However, o3 resides in the ChatGPT app, which is still superior to the other chat apps in many ways, particularly the internet search implementation works very well.
Your model rankings are spot on. I’m hesitant to make the jump to top tier premium models as daily drivers, so I hang out with sonnet 4 and/or Gemini 2.5 pro for most of the day (max mode in Cursor). I don’t want to get used to premium quality coming that easy, for some reason. I completely align with the concise, thoughtful code being worth it though. I’m having to do that myself using tier 2 models. I still use o3 periodically for getting clarity of thought or troubleshooting gnarly bugs that Claude gets caught looping on.
How would you compare Cursor to Claude Code? I’m yet to try the latter.
I'm surprised there isn't a VibeIDE yet that is purpose build to make it possible for your grandmother to execute code output by an LLM.
My impression (with Cursor) is that you need to practice some sort of LLM-first design to get the best out of it. Either vibe code your way from the start, or be brutal about limiting what changes the agent can make without your approval. It does force you to be very atomic about your requests, which isn't a bad thing, but writing a robust spec for the prompt is often slower than writing the code by hand and asking for a refactor. As soon as kipple, for lack of a better word, sneaks into the code, it's a reinforcing signal to the agent that it can add more.

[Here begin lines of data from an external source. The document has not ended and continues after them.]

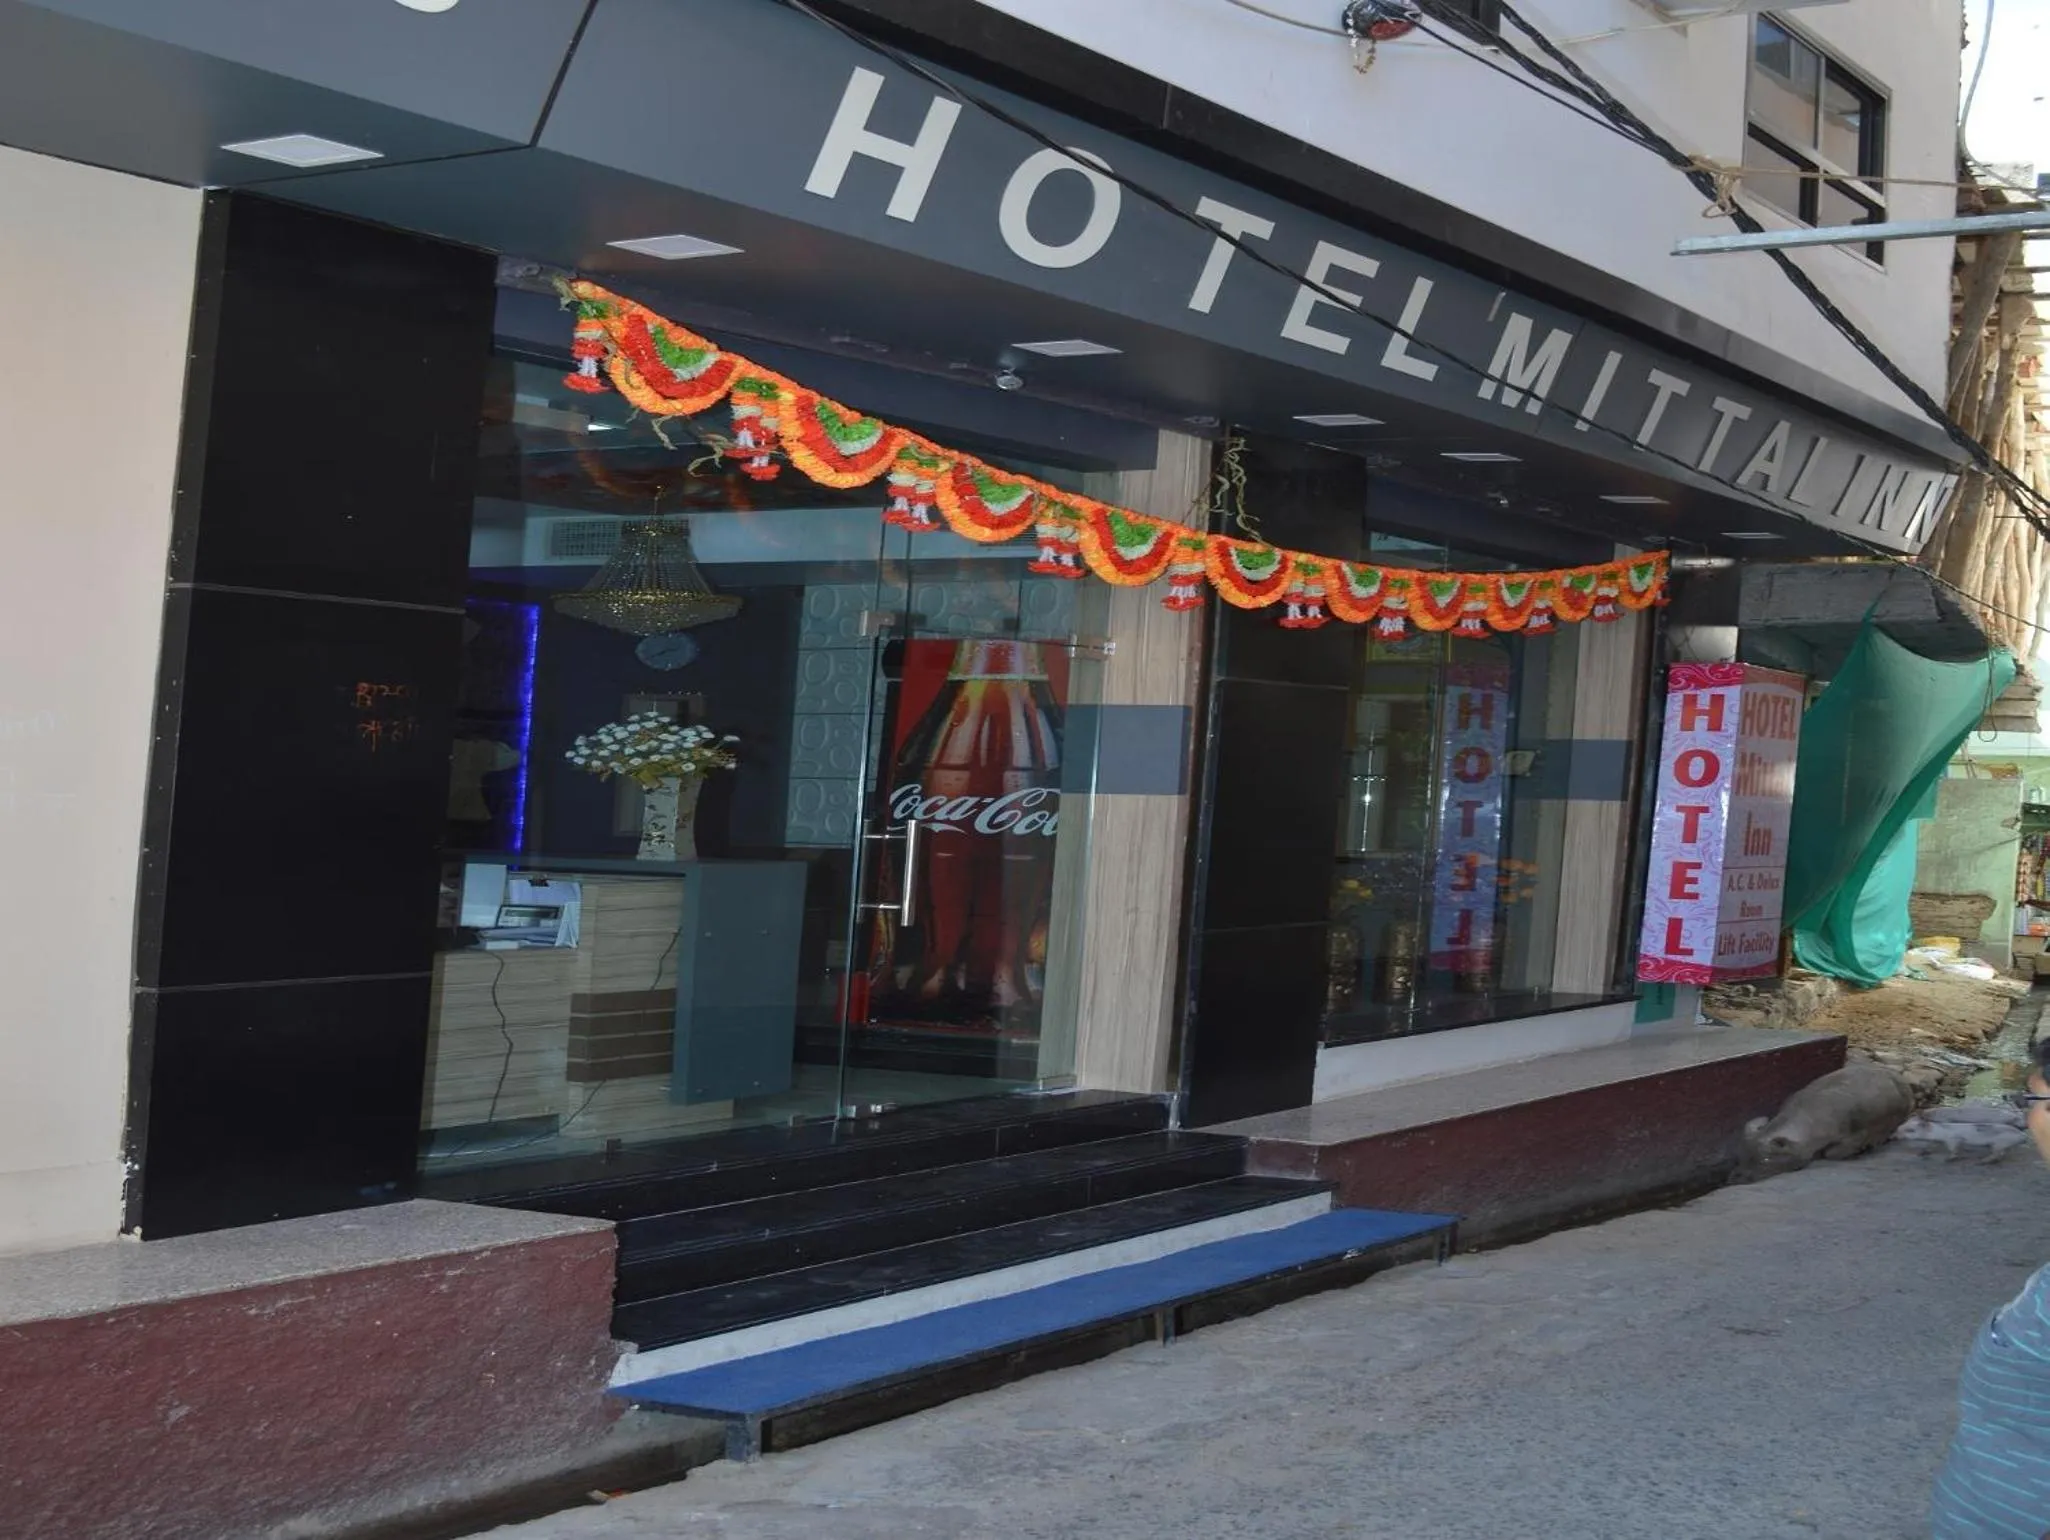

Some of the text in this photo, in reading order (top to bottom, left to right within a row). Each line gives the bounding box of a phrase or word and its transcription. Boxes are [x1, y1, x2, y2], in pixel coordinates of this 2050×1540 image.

[804, 66, 1959, 544] HOTEL MITTAL INN
[1739, 691, 1798, 742] HOTEL
[1664, 692, 1726, 957] HOTEL
[1744, 810, 1773, 857] Inn
[1718, 931, 1775, 956] Lift Facility
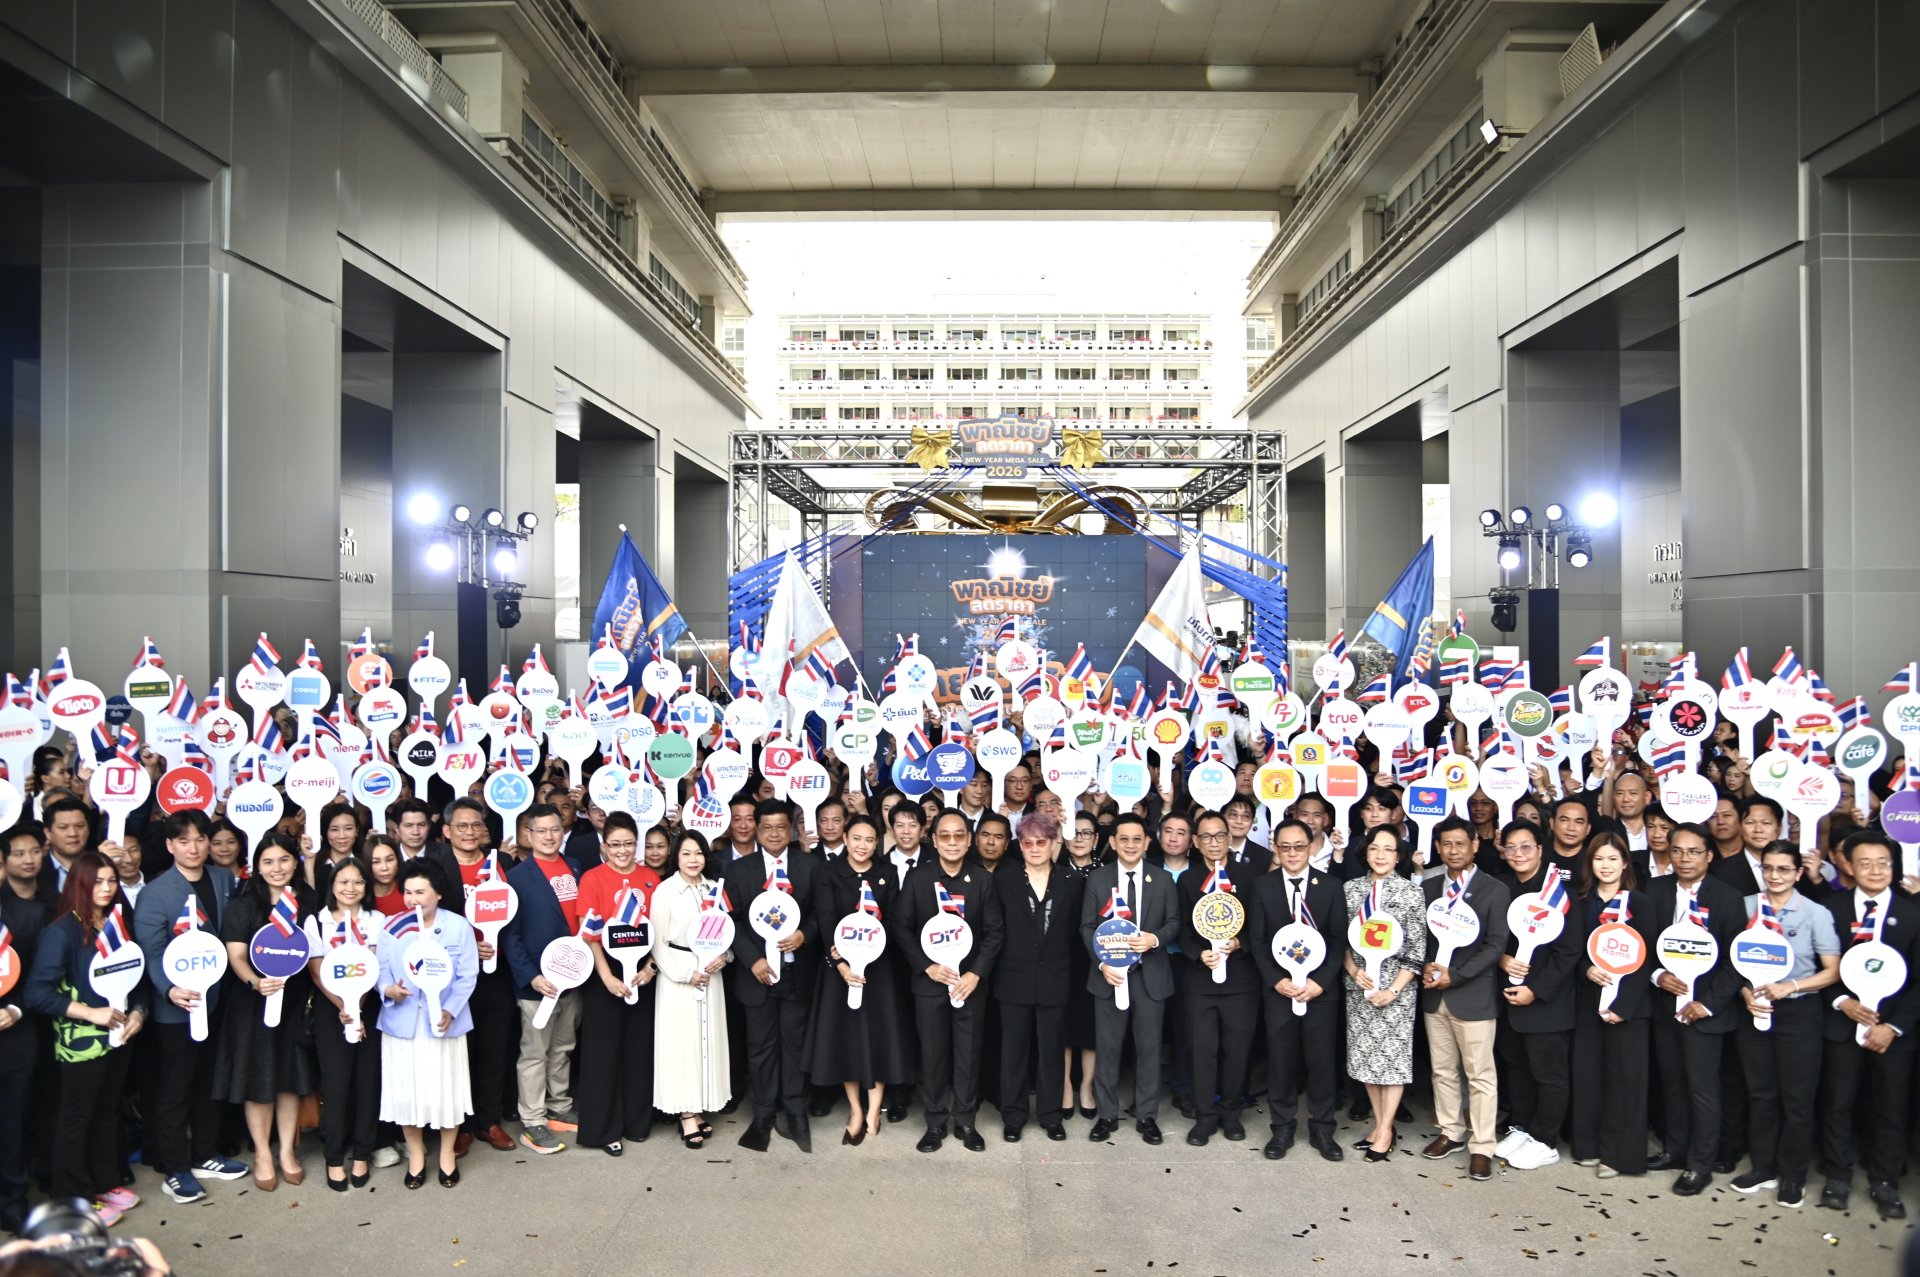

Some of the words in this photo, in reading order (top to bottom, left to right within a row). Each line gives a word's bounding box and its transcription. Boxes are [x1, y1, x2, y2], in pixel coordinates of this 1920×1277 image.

[961, 417, 1051, 441] พาณิชย์
[975, 440, 1036, 453] ลดราคา
[987, 466, 1023, 477] 2026
[953, 574, 1053, 600] พาณิชย์
[970, 599, 1036, 614] ลดราคา
[958, 617, 976, 625] NEW
[979, 617, 1000, 626] YEAR
[1776, 687, 1797, 697] King
[58, 698, 95, 715] Tipco
[1274, 703, 1291, 722] PT
[1328, 713, 1358, 724] true
[1800, 717, 1828, 725] Sunlee
[156, 725, 196, 734] SUNTORY
[631, 727, 653, 738] DSG
[841, 734, 869, 748] CP
[333, 745, 361, 753] nlene
[993, 746, 1017, 756] SWC
[1846, 745, 1875, 760] café
[716, 764, 746, 772] unicharm
[901, 764, 931, 781] P&G
[291, 777, 335, 788] CP-meiji
[790, 775, 825, 790] NEO
[235, 798, 274, 813] หนองโพ
[1411, 804, 1444, 814] Lazada
[690, 820, 722, 828] EARTH
[477, 900, 507, 911] Tops
[1432, 904, 1444, 912] CP
[1363, 921, 1378, 931] Big
[612, 931, 644, 939] CENTRAL
[1364, 927, 1389, 947] C
[1602, 948, 1631, 960] home
[175, 955, 218, 972] OFM
[334, 963, 367, 979] B2S
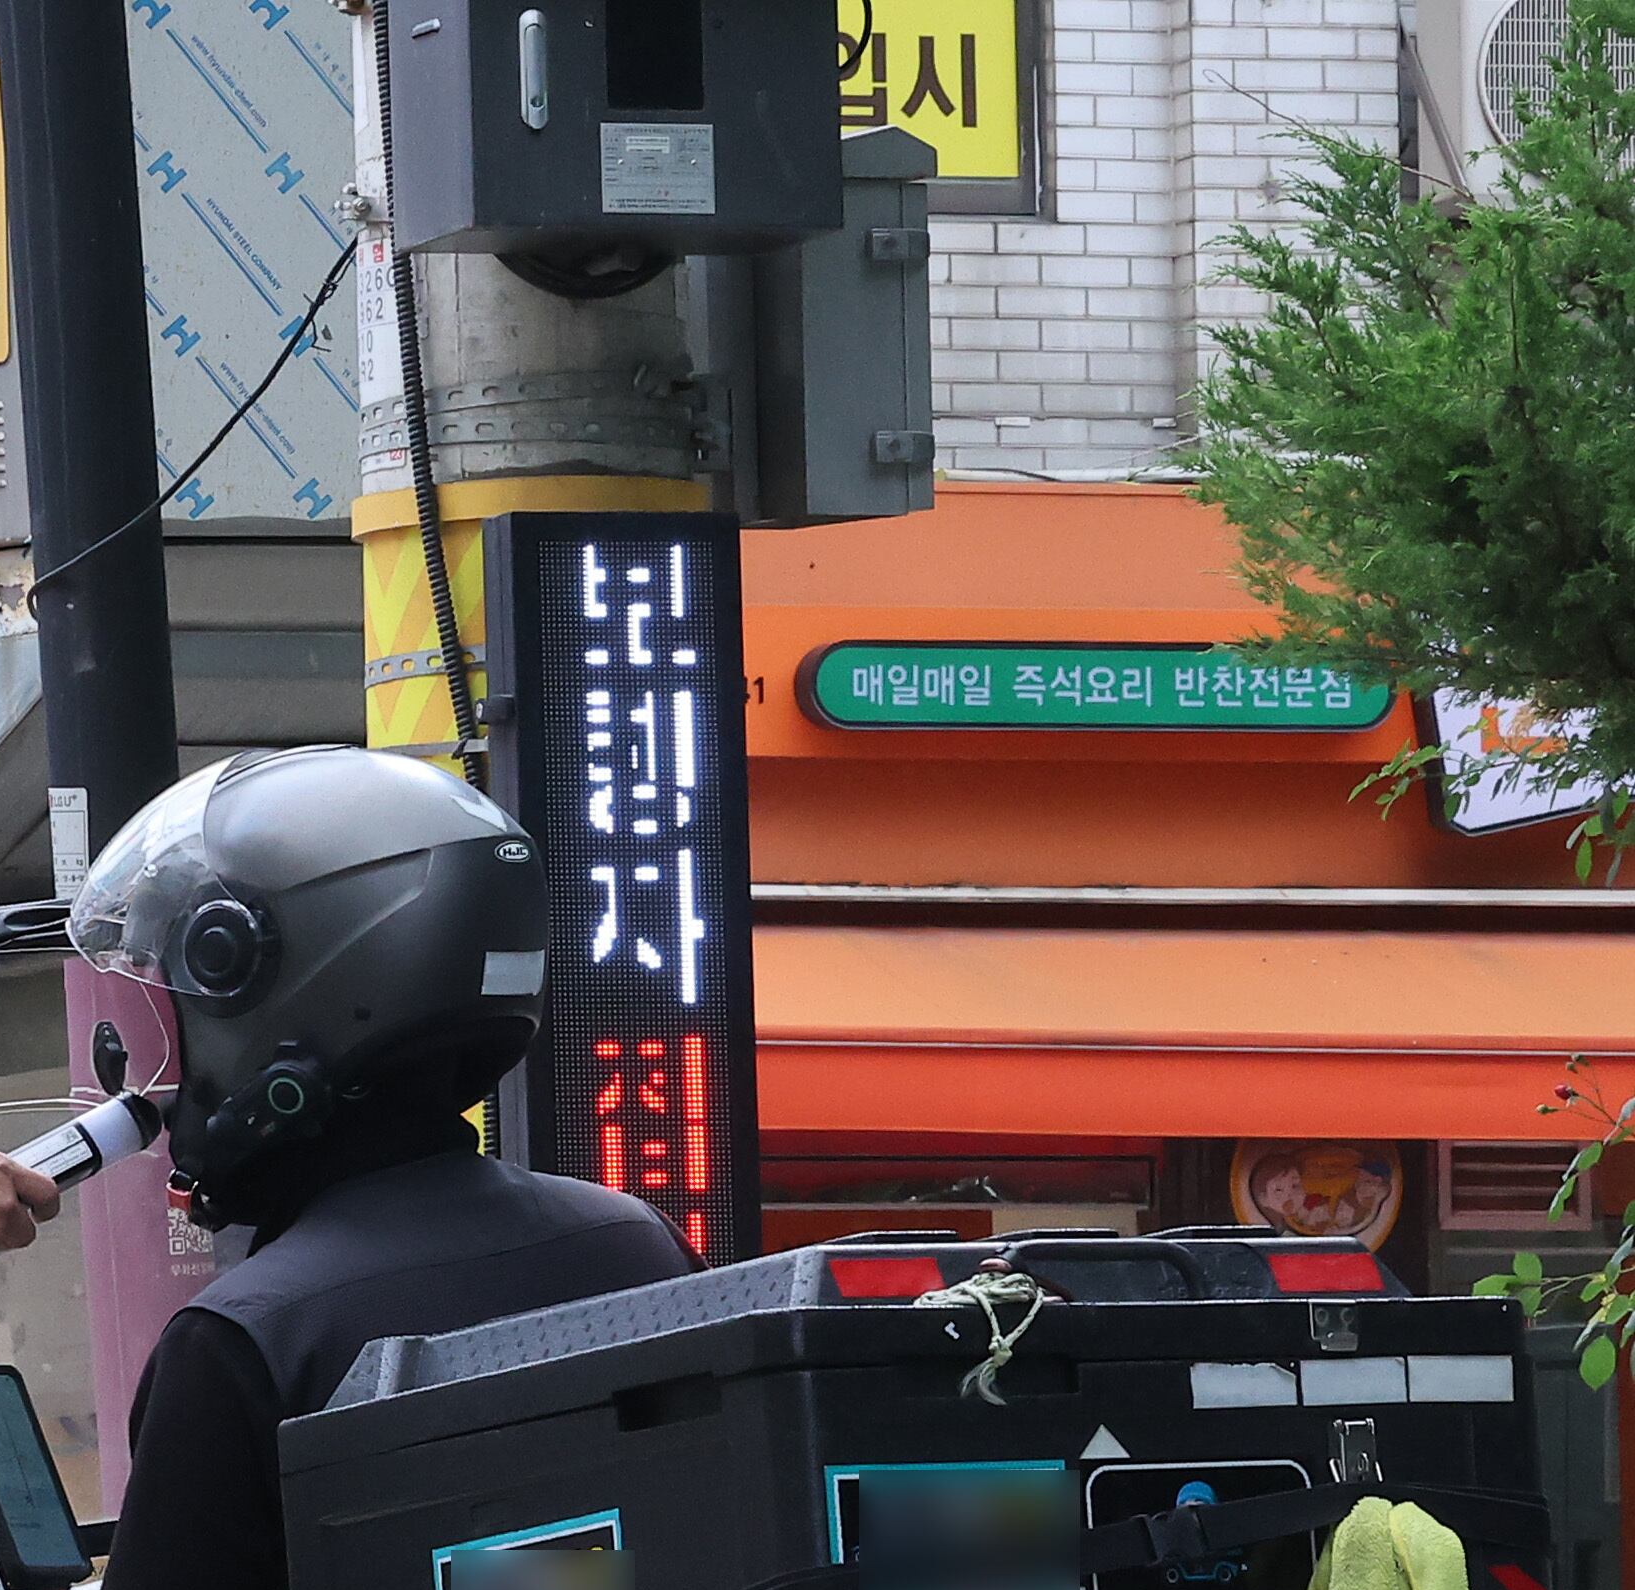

It's definitely worth paying the $20 and playing with a few different clients. The rabbit hole is pretty deep and there's still a ton of prompt engineering suggestions from the community. It encourages a lot of creative guardrails, like using pre-commit to provide negative feedback when the model does something silly like try to write a 200 word commit message. I haven't tried JetBrains' agent yet (Junie), but that seems like it would be a good one to explore as well since it presumably integrates directly with the tooling.
It's mostly about the cost though. Things are far more affordable in the the various apps/subscriptions. Token-priced API's can get very expensive very quickly.
I used Cursor well over a year ago. It gave me a headache. It was very immature. Used cursor more recently: the headache intensity increased. It's not cursor it is the senseless loops hoping for the LLM to spit out something somewhat correct. Revisiting the prompt. Trying to become an elite in language protocols because we need that machine to understand us.
Leaving aside the headache, its side effects. It isn't clear we haven't already maxed out on the productivity tools efficiency. Auto complete. Indexed and searchable doc a second screen rather than having to turn the pages of some reference book. Etc etc.
I'm convinced at this stage that we've already started to trade too far. So far beyond the optimal balance that these aren't diminishing returns. It is absolute diminishing.
Engineers need to spend more time thinking.
I'm convinced that engineers, if they were to chose, would throw this thing out and make space for more drawing boards, would use a 5 minute Solitaire break every 1h. Or take a walk.
For some reason the constant pressure to go faster eventually makes its mark.
It feels right to see thousands of lines of code written up by this thing. It feels aligned with the inadequate way we've been measured.
Anyway. It can get expensive and this is by design.
You can obviously alleviate this by asking it to be more concise but even then it bleeds through sometimes.
I have to think of the guy posting that he fed his entire project codebase to an AI, it refactored everything, modularizing it but still reducing the file count from 20 to 12. "It was glorious to see. Nothing worked of course, but glorious nonetheless".
In the future I can certainly see it get better and better, especially because code is a hard science that reduces down to control flow logic which reduces down to math. It's a much more narrow problem space than, say, poetry or visuals.
I think my coding model ranking is something like Claude Code > Claude 4 raw > Gemini > big gap > o4-mini > o3
All subscription based, not per token pricing. I'm currently using Claude Max. Can't see myself exhausting its usage at this rate but who knows.